Maximum rate of change

If we ask ourselves the question, in what direction is $D_{\vec{u}} f(x_0, y_0)$ the largest?

If we look at the definition: $$ D_{\vec{u}} f(x_0, y_0) = \nabla f(x_0, y_0) \cdot \vec{u} $$

If we use the geometrical definition: $$ D_{\vec{u}} f(x_0, y_0) = |\nabla f(x_0, y_0)| |\vec{u}| cos(\alpha) $$

This expression is the largest when $cos(\alpha) = 1$, which means $\alpha = 0$. In other words, the directional derivative is the largest when $\vec{u}$ is the same direction as $\nabla f(x_0, y_0)$.

Geometrical interpretition

Suppose we have a graph like a mountain, where $(x_0, y_0, f(x_0, y_0)$ is our position.

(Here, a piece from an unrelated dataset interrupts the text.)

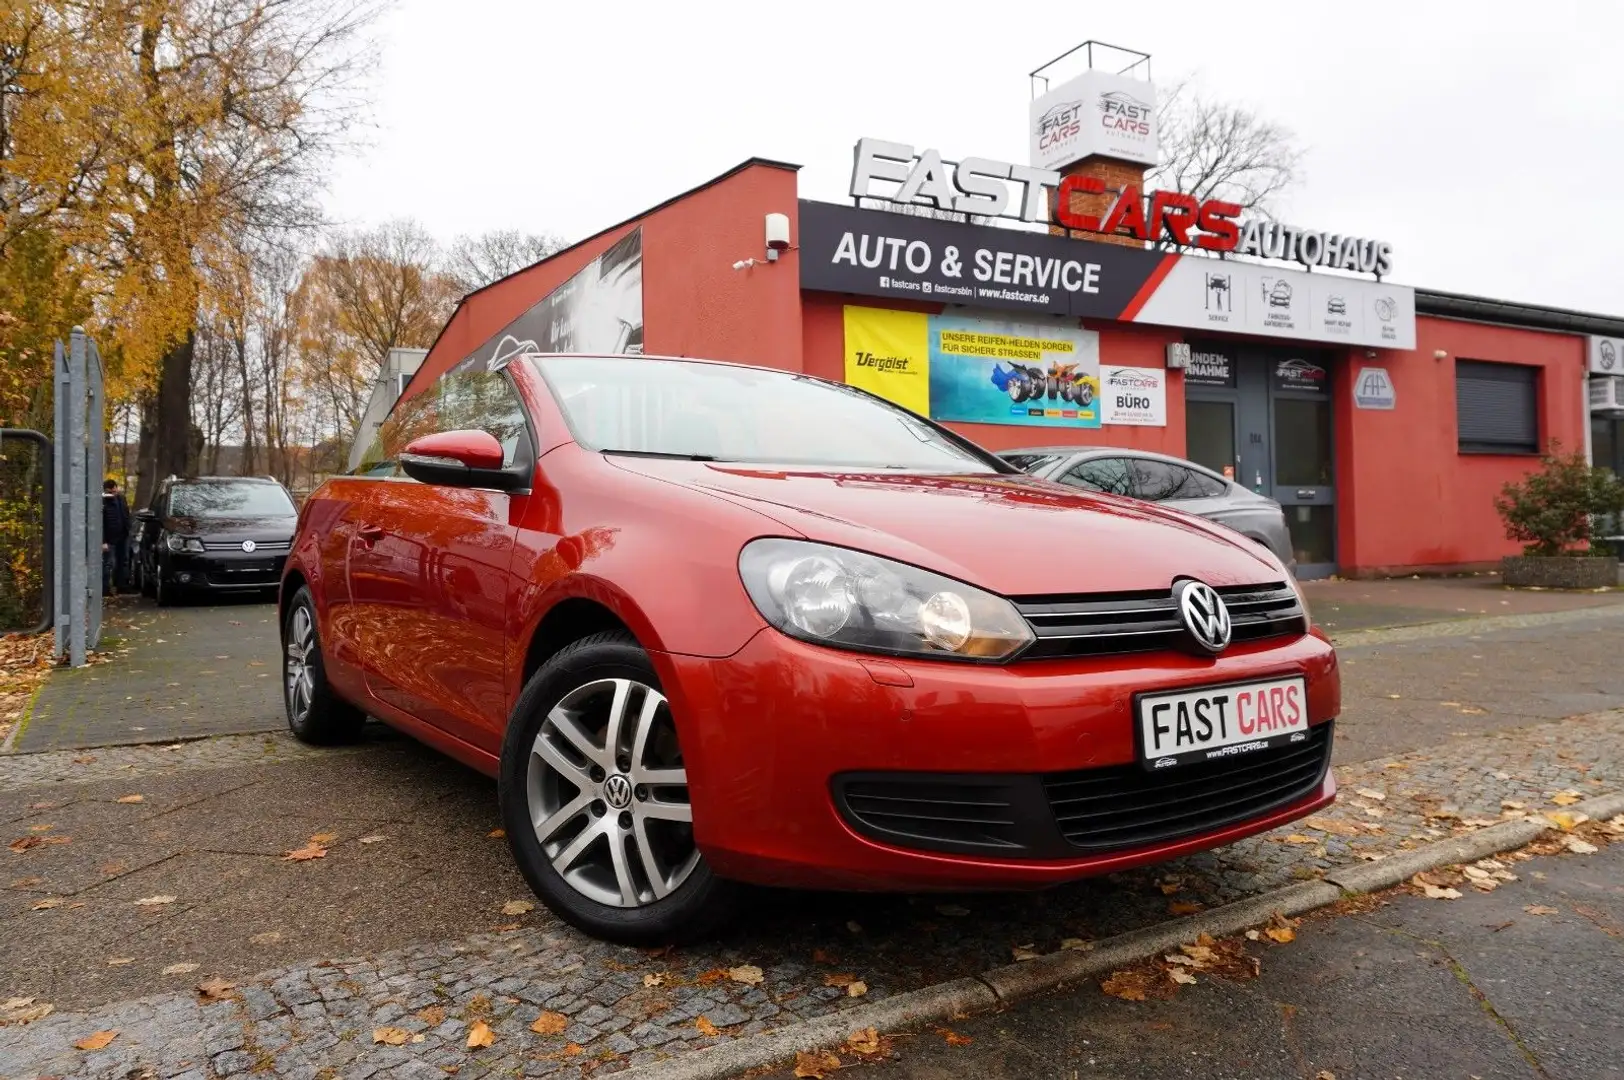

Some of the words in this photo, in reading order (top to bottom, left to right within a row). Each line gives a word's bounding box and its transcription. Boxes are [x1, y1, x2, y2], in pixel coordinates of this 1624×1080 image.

The fastest way to get to the top of the mountain is going in the direction of the gradient.

To go down the mountain, in the fastest way possible, we go in the direction of $-\nabla f$.

Example

Given $f(x, y) = xe^y$ and $P(2, 0)$.

a) In what direction is the rate of change the largest?

b) What is the maximum rate of change?

a):

In the direction of the gradient at the point: $$ \nabla f(2, 0) = \langle f_x(2, 0), f_y(2, 0) \rangle \newline \nabla f(2, 0) = \langle e^0, 2e^0 \rangle = \langle 1, 2 \rangle $$

b): $$ |\nabla f(2, 0)| = \sqrt{1^2 + 2^2} = \boxed{\sqrt{5}} $$

Gradient and level curves

Recall that level curves are curves with the equation: $$ f(x, y) = k $$

Where $k$ is just any constant. For each point $(x_0, y_0)$, $\nabla f(x_0, y_0)$ is orthogonal to the level curve that contains $(x_0, y_0)$

Explanation

We already know that the shortest way up the mountain is to go in the direction of the gradient. On the other hand, the shortest way is to go from level curve to level curve as fast as possible. But shortest way between two lines is the perpendicular way!